So what does this tree need it can't do on it's own?

(I also liked the analogy btw, but more interested in the actual biology :)

@webmind
Oh, that was no analogy. That's literally what happens.

Being completely without chlorophyll, an albino tree can't photosynthesise and therefore can't produce sugars. Most of a plant's living structures are made from sugars – mostly cellulose and lignin.

The large trees in a forest produce more than they need. They share it through their roots in a process called rhizodeposition. Fungi in the soil pick up those sugars, take what they need, and share the rest with other trees. That way, there will always be healthy trees providing more sugars.

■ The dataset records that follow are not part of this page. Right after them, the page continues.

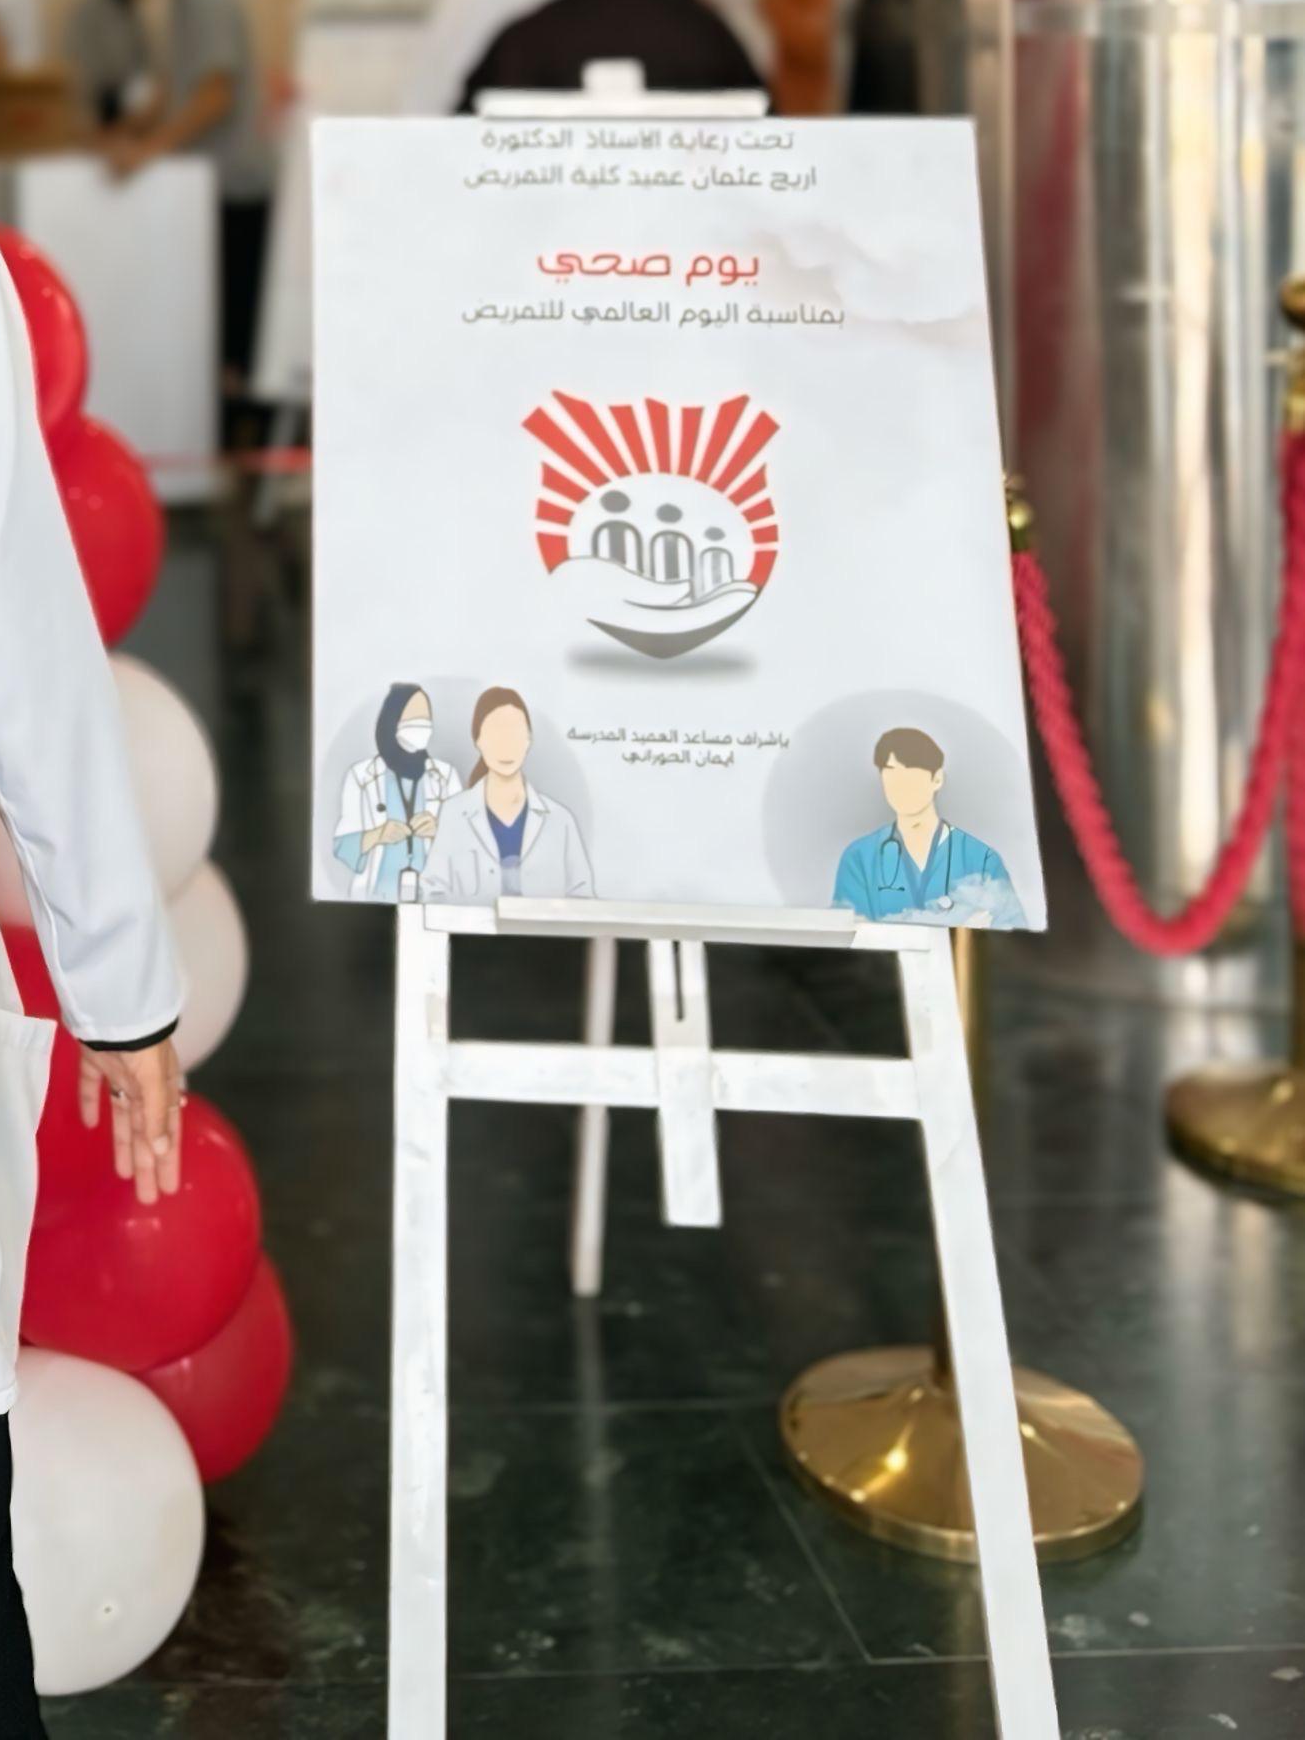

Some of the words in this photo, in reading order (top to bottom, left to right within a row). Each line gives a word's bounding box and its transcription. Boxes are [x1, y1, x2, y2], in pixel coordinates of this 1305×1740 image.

[481, 127, 573, 153] الدكتورة
[668, 128, 729, 154] رعاية
[735, 129, 795, 150] تحت
[463, 162, 564, 190] التمريض
[570, 163, 621, 189] كلية
[628, 167, 685, 190] عميد
[691, 164, 763, 191] عثمان
[537, 252, 672, 285] صحي
[685, 254, 759, 287] يوم
[461, 297, 564, 325] للتمريض
[571, 300, 670, 325] العالمي
[678, 301, 739, 329] اليوم
[746, 303, 845, 330] بمناسبة

Meanwhile, the fungi break down decaying matter and harvest nitrogen from the soil, again passing on any excess to the trees.

Everything nurtures everything else. By helping other organisms to survive, they ensure that there will always be someone helping their own survival too.

@InvaderXan @webmind So the healthy trees are like workers, the fungi are like managers, and the albino trees are like investors and the government?

@kragen @webmind
Not sure why you’re trying to assign a corporate hierarchy to a forest ecosystem...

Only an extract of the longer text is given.